Genome-wide association studies have identified loci underlying human diseases, but the causal nucleotide changes and mechanisms remain largely unknown. Here we developed a fine-mapping algorithm to identify candidate causal variants for 21 autoimmune diseases from genotyping data. We integrated these predictions with transcription and cis-regulatory element annotations, derived by mapping RNA and chromatin in primary immune cells, including resting and stimulated CD4+ T-cell subsets, regulatory T cells, CD8+ T cells, B cells, and monocytes. We find that ∼90% of causal variants are non-coding, with ∼60% mapping to immune-cell enhancers, many of which gain histone acetylation and transcribe enhancer-associated RNA upon immune stimulation. Causal variants tend to occur near binding sites for master regulators of immune differentiation and stimulus-dependent gene activation, but only 10–20% directly alter recognizable transcription factor binding motifs.
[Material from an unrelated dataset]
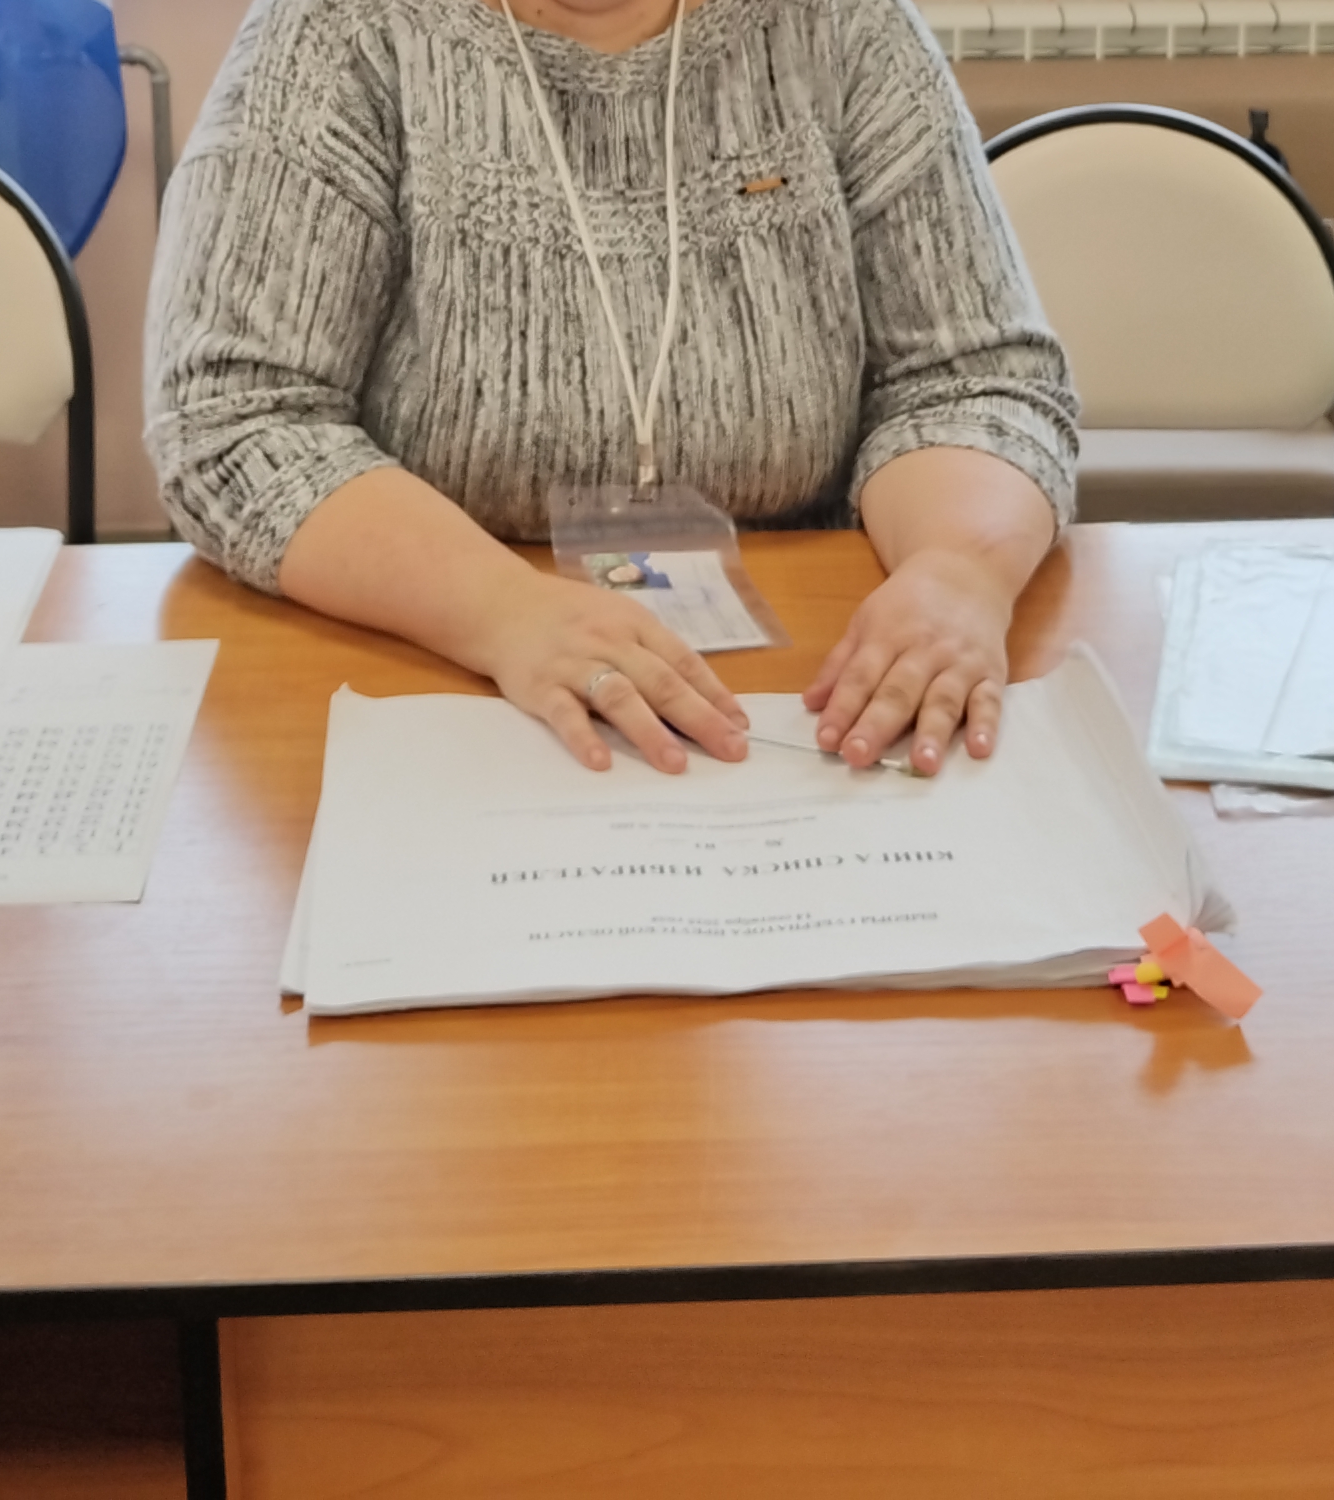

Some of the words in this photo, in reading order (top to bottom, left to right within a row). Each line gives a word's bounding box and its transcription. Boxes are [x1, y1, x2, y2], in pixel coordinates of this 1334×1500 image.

[722, 854, 844, 877] СПИСКА
[855, 850, 954, 864] КНИГА
[491, 864, 702, 886] ИЗБИРАТЕЛЕЙ
Rather, most non-coding risk variants, including those that alter gene expression, affect non-canonical sequence determinants not well-explained by current gene regulatory models.

Suggested Citation

  • Kyle Kai-How Farh & Alexander Marson & Jiang Zhu & Markus Kleinewietfeld & William J. Housley & Samantha Beik & Noam Shoresh & Holly Whitton & Russell J. H. Ryan & Alexander A. Shishkin & Meital Hatan, 2015. "Genetic and epigenetic fine mapping of causal autoimmune disease variants," Nature, Nature, vol. 518(7539), pages 337-343, February.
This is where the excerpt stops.